**TASK INSTRUCTIONS**. Your job is to transcribe all the records that follow, excluding any pictures.

[Data extracted from a collection]
::::

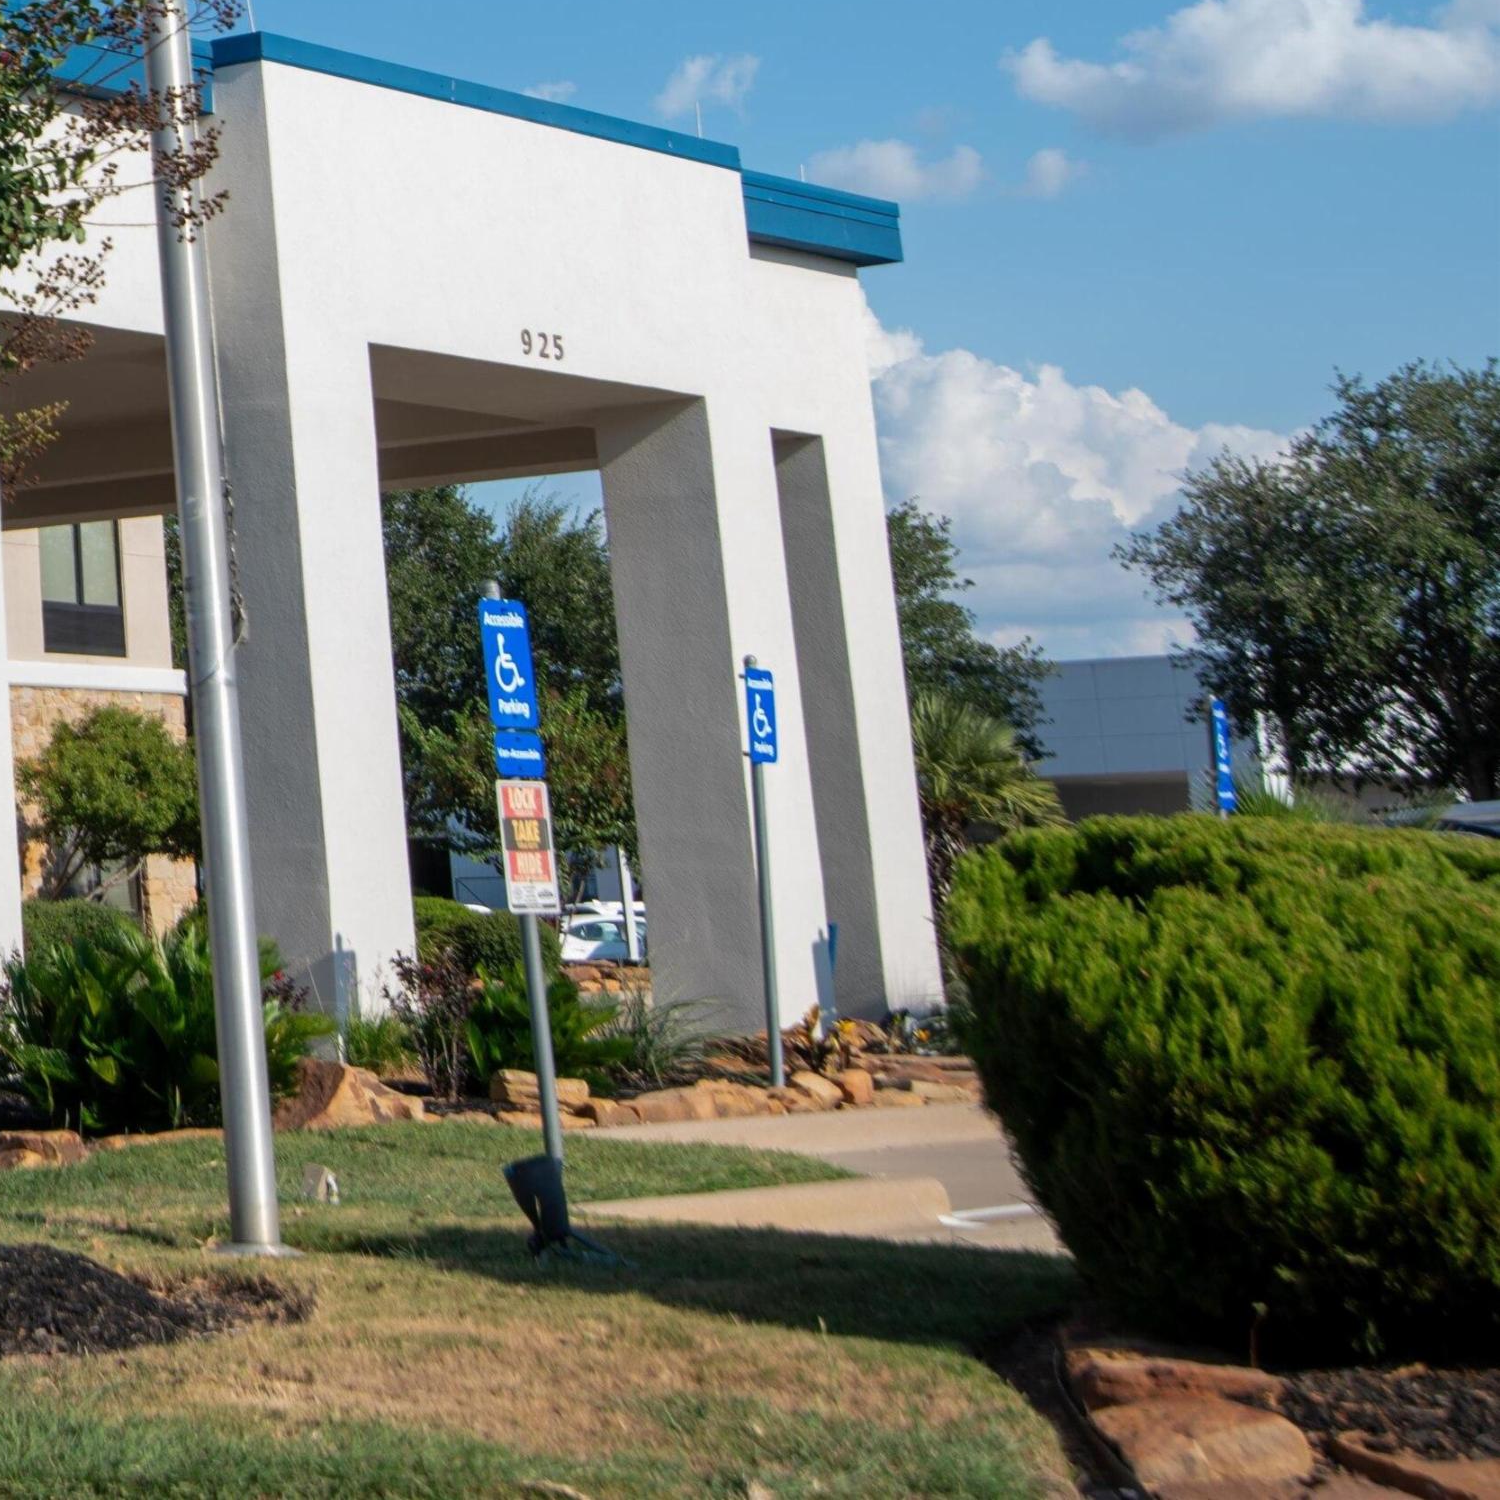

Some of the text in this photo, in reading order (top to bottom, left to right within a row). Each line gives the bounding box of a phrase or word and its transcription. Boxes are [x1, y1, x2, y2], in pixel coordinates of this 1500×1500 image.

[520, 328, 565, 361] 925
[483, 611, 524, 629] Accessible
[512, 819, 540, 843] TAKE
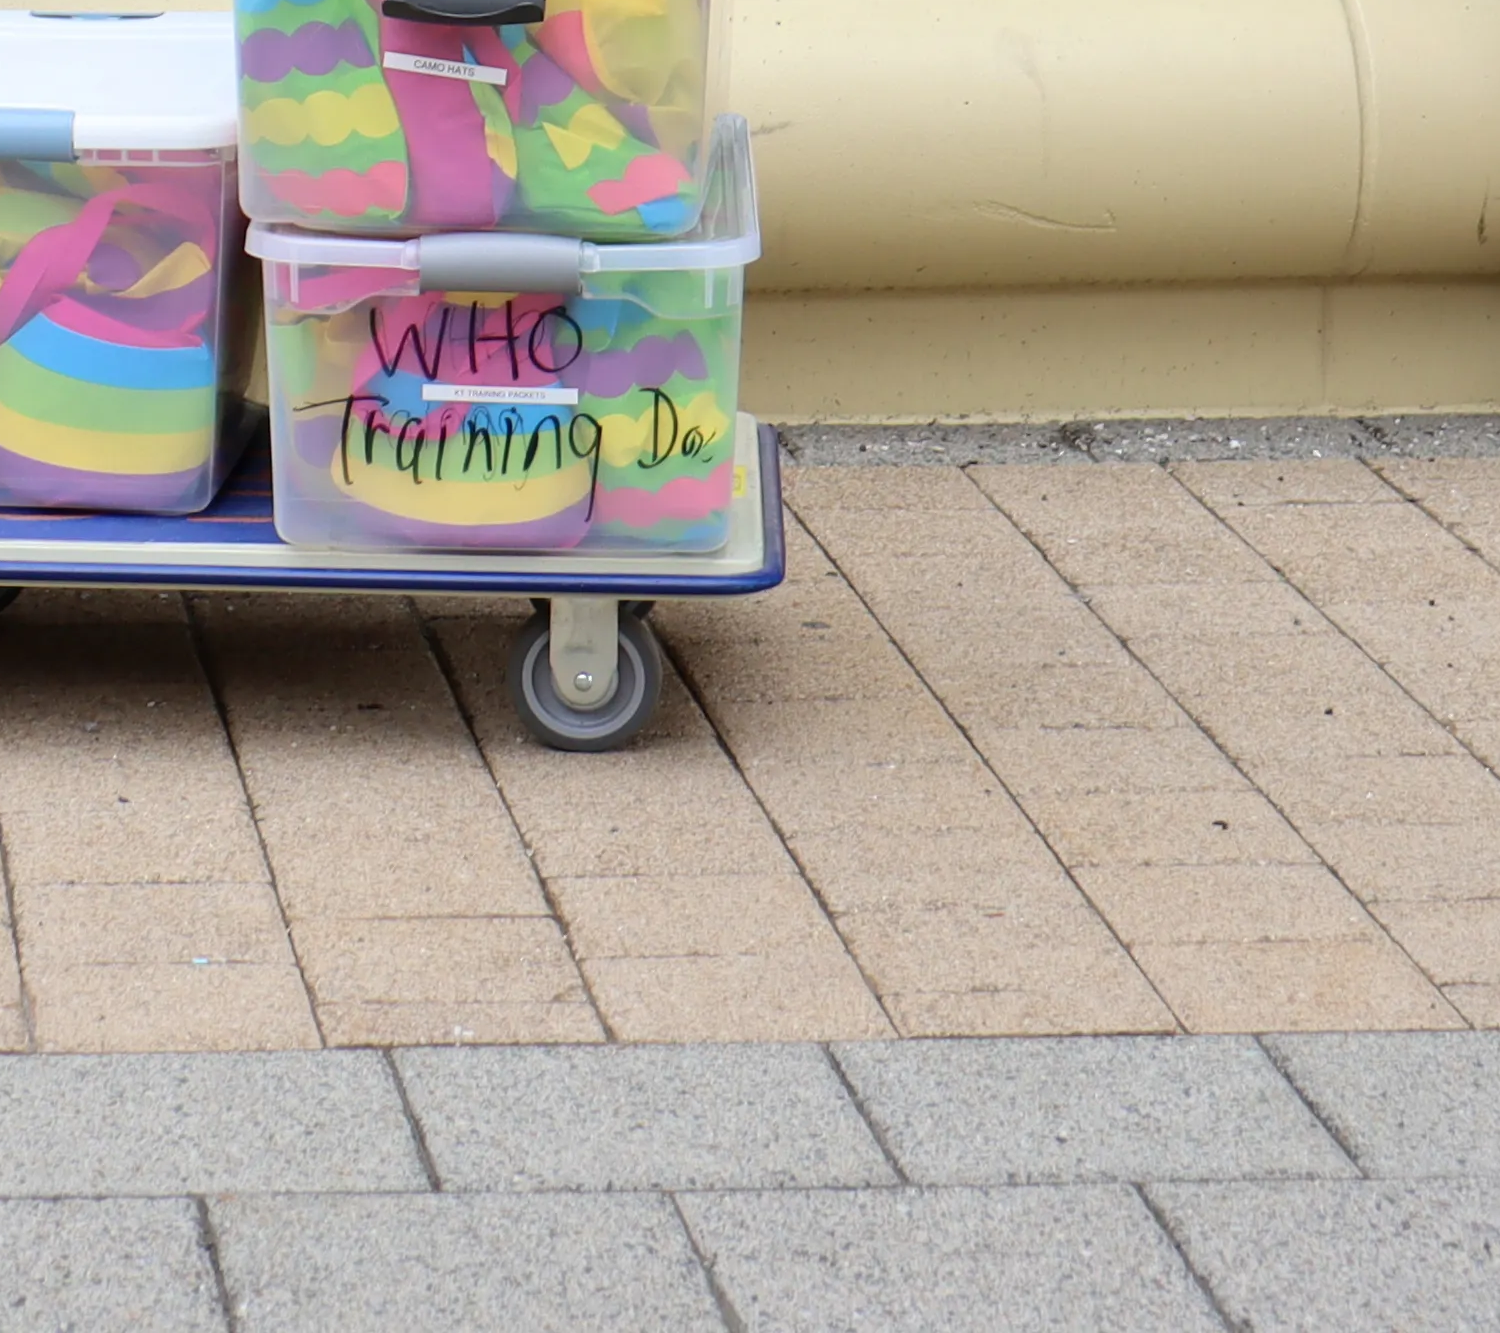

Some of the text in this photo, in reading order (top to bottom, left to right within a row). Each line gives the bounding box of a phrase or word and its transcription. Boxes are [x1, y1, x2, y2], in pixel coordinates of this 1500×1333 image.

[413, 59, 476, 78] CAMO HATS
[368, 299, 584, 381] WHO
[467, 390, 507, 399] TRAINING
[508, 391, 547, 400] PACKETS
[292, 393, 603, 523] Training

::::

**EXERCISE OUTPUT**.
Some of the text in this photo, in reading order (top to bottom, left to right within a row). Each line gives the bounding box of a phrase or word and its transcription. Boxes are [x1, y1, x2, y2], in pixel coordinates of this 1500×1500 image.

[520, 328, 565, 361] 925
[483, 611, 524, 629] Accessible
[512, 819, 540, 843] TAKE

Some of the text in this photo, in reading order (top to bottom, left to right within a row). Each line gives the bounding box of a phrase or word and its transcription. Boxes are [x1, y1, x2, y2], in pixel coordinates of this 1500×1333 image.

[413, 59, 476, 78] CAMO HATS
[368, 299, 584, 381] WHO
[467, 390, 507, 399] TRAINING
[508, 391, 547, 400] PACKETS
[292, 393, 603, 523] Training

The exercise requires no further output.